Colossae was located 120 miles east of Ephesus in the Lycus River Valley in ancient Phrygia, part of the Roman territory of Asia Minor.
It was one of a triad of cities in the area (the other two being Laodicea and Hierapolis), resting at the foot of Mount Cadmus.
It’s biblical significance lies in the fact that the book of Colossians was addressed to the church here (Col 1:2) and that Philemon lived in this city.
Although no excavations have yet taken place, surveys of the site reveal remains on the acropolis including a defensive wall and a pit lined with stones to the west.
A theater lies on the eastern side and a necropolis to the north of the Lycus River, a branch of the Meander.
Flinders University of Australia is currently preparing for an excavation.
Paul Never Visited Colosse
Paul had never visited Colossae when he composed his epistle to the church here, but he does imply that Epaphras founded the church, along with those at Laodicea and Hierapolis (Col 1:7-8; 4:12-13).

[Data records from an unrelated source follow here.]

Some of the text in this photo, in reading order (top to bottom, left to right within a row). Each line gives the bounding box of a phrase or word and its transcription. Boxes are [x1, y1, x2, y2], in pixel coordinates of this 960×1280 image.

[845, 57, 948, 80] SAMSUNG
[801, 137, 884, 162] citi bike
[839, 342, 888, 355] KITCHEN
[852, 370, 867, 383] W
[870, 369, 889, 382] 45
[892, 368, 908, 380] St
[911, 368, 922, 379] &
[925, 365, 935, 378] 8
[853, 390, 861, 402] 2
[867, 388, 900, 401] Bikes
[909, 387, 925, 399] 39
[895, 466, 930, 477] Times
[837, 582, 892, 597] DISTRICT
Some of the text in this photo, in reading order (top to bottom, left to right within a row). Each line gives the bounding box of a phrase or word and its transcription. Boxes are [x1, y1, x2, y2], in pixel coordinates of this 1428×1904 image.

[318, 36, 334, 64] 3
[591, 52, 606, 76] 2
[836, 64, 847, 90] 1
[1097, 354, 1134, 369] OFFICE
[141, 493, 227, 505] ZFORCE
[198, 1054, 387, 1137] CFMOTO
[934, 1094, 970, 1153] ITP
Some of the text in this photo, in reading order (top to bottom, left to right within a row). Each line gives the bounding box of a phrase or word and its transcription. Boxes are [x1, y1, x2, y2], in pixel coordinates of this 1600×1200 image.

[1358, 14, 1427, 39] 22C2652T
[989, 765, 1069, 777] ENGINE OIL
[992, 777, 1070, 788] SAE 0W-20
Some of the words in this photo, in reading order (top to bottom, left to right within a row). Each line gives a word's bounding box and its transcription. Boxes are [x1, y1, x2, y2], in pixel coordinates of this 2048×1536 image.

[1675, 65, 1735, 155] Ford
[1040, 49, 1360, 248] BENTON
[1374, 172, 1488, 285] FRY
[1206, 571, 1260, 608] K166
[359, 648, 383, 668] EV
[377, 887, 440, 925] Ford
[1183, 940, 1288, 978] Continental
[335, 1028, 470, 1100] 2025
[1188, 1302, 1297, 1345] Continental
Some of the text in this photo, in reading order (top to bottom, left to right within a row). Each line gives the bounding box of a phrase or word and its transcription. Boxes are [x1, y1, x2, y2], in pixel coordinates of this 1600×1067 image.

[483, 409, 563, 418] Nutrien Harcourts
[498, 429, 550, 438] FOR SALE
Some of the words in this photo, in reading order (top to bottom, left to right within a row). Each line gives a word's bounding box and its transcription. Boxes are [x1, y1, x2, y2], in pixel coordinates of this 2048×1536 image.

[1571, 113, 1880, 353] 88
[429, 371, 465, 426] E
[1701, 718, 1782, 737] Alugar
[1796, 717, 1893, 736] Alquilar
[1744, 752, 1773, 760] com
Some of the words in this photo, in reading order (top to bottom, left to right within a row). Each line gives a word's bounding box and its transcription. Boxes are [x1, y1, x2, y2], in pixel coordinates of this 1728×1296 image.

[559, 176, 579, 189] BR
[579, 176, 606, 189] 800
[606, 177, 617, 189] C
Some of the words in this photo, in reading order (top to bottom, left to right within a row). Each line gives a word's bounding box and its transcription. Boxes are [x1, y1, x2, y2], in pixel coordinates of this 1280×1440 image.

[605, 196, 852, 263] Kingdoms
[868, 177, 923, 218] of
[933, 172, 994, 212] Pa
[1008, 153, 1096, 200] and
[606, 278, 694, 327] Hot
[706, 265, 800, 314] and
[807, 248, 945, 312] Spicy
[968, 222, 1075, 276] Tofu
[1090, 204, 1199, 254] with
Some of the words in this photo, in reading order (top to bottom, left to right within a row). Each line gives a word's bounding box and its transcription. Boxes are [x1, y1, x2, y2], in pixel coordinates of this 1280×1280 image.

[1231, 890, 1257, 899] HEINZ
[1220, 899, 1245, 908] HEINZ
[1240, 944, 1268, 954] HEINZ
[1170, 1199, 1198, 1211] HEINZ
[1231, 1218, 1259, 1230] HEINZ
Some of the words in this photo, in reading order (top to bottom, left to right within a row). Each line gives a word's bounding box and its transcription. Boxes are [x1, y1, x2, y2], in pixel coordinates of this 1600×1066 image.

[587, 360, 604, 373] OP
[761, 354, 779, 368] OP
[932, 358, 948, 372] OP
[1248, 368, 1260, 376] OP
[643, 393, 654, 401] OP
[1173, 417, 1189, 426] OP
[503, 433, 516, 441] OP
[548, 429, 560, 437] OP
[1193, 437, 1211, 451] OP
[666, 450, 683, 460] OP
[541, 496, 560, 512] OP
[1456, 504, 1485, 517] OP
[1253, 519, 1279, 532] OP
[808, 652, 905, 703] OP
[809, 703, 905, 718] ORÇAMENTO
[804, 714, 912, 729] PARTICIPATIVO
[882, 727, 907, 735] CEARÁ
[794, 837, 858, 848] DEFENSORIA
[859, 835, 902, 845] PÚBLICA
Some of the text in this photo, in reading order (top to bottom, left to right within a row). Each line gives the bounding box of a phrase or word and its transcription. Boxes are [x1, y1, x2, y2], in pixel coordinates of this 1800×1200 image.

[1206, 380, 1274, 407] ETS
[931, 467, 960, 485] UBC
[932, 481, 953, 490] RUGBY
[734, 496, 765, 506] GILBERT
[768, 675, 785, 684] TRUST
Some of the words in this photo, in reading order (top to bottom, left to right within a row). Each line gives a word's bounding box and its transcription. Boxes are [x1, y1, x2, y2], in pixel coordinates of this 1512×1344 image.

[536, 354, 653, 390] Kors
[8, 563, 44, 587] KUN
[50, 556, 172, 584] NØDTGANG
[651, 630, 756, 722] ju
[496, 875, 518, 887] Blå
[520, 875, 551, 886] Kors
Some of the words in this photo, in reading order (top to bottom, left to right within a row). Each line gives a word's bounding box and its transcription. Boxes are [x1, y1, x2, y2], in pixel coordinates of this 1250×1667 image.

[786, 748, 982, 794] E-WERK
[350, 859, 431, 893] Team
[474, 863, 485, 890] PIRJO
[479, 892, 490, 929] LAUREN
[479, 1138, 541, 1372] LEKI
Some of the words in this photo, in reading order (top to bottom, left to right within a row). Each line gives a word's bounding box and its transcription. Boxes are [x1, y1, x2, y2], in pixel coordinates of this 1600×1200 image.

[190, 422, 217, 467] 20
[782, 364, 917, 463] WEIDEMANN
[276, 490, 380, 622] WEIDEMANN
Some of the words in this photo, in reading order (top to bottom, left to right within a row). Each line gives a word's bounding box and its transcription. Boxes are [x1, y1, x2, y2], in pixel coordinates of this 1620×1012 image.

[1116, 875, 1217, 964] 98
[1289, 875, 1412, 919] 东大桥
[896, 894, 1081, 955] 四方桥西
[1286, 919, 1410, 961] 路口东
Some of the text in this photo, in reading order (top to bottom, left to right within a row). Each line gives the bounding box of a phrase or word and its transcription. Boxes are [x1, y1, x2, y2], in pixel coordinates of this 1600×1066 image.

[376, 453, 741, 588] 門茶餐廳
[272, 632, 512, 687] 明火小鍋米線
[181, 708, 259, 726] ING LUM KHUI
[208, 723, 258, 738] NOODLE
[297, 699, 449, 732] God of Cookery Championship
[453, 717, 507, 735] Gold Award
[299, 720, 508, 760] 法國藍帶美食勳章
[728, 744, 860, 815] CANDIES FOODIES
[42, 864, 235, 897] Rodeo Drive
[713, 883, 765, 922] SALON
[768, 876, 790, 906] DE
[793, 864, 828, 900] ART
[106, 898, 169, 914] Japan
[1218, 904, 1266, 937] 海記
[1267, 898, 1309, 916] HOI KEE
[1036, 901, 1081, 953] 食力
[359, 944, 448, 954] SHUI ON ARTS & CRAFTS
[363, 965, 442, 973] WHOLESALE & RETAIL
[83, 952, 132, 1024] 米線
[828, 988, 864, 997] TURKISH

This was probably during Paul’s third missionary journey, when he preached in Ephesus for two years, “so that all they which dwelt in Asia heard the word of the Lord Jesus, both Jews and Greeks” (Acts 19:10 KJV).
The Book of Revelation
In John’s message to the Laodicean church (Rev 3:14-22), he speaks of the luke-warmness of Laodicea, that they were “neither cold nor hot” (vv. 15-16).
This local allusion would have been clear to citizens of Laodicea, who knew of the cold, pure waters of nearby Colossae.